**YOUR GOAL:** Could you output the complete listing given below exactly?

**TASK INPUTS:**

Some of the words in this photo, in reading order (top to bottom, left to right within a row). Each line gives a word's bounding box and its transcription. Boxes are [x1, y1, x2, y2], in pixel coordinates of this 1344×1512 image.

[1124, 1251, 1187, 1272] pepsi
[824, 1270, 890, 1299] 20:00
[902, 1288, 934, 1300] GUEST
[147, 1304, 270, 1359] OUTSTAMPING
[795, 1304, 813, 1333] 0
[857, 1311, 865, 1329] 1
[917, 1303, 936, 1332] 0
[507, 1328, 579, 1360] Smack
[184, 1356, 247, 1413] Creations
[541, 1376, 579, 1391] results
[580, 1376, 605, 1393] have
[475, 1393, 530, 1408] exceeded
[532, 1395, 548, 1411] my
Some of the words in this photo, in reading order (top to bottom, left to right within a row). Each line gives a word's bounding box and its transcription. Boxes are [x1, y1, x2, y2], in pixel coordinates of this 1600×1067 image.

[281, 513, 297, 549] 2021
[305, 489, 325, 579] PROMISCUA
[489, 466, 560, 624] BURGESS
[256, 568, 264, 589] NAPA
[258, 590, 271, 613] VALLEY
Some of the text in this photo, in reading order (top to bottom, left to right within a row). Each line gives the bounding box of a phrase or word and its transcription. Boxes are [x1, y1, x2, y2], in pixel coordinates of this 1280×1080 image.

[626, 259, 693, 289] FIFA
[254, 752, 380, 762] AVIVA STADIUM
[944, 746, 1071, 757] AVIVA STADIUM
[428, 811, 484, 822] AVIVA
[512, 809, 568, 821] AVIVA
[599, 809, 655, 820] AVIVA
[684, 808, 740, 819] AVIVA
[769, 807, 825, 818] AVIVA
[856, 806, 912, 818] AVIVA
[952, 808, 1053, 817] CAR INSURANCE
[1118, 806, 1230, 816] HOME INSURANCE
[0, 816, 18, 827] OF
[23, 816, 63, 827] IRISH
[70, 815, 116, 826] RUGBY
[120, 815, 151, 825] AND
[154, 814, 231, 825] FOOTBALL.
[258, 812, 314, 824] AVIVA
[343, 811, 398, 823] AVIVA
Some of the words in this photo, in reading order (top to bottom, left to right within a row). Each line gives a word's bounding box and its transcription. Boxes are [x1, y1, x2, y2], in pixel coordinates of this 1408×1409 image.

**THE COMPLETED TASK:**
Some of the words in this photo, in reading order (top to bottom, left to right within a row). Each line gives a word's bounding box and its transcription. Boxes are [x1, y1, x2, y2], in pixel coordinates of this 1344×1512 image.

[1124, 1251, 1187, 1272] pepsi
[824, 1270, 890, 1299] 20:00
[902, 1288, 934, 1300] GUEST
[147, 1304, 270, 1359] OUTSTAMPING
[795, 1304, 813, 1333] 0
[857, 1311, 865, 1329] 1
[917, 1303, 936, 1332] 0
[507, 1328, 579, 1360] Smack
[184, 1356, 247, 1413] Creations
[541, 1376, 579, 1391] results
[580, 1376, 605, 1393] have
[475, 1393, 530, 1408] exceeded
[532, 1395, 548, 1411] my
Some of the words in this photo, in reading order (top to bottom, left to right within a row). Each line gives a word's bounding box and its transcription. Boxes are [x1, y1, x2, y2], in pixel coordinates of this 1600×1067 image.

[281, 513, 297, 549] 2021
[305, 489, 325, 579] PROMISCUA
[489, 466, 560, 624] BURGESS
[256, 568, 264, 589] NAPA
[258, 590, 271, 613] VALLEY
Some of the text in this photo, in reading order (top to bottom, left to right within a row). Each line gives the bounding box of a phrase or word and its transcription. Boxes are [x1, y1, x2, y2], in pixel coordinates of this 1280×1080 image.

[626, 259, 693, 289] FIFA
[254, 752, 380, 762] AVIVA STADIUM
[944, 746, 1071, 757] AVIVA STADIUM
[428, 811, 484, 822] AVIVA
[512, 809, 568, 821] AVIVA
[599, 809, 655, 820] AVIVA
[684, 808, 740, 819] AVIVA
[769, 807, 825, 818] AVIVA
[856, 806, 912, 818] AVIVA
[952, 808, 1053, 817] CAR INSURANCE
[1118, 806, 1230, 816] HOME INSURANCE
[0, 816, 18, 827] OF
[23, 816, 63, 827] IRISH
[70, 815, 116, 826] RUGBY
[120, 815, 151, 825] AND
[154, 814, 231, 825] FOOTBALL.
[258, 812, 314, 824] AVIVA
[343, 811, 398, 823] AVIVA
Some of the words in this photo, in reading order (top to bottom, left to right within a row). Each line gives a word's bounding box and its transcription. Boxes are [x1, y1, x2, y2], in pixel coordinates of this 1408×1409 image.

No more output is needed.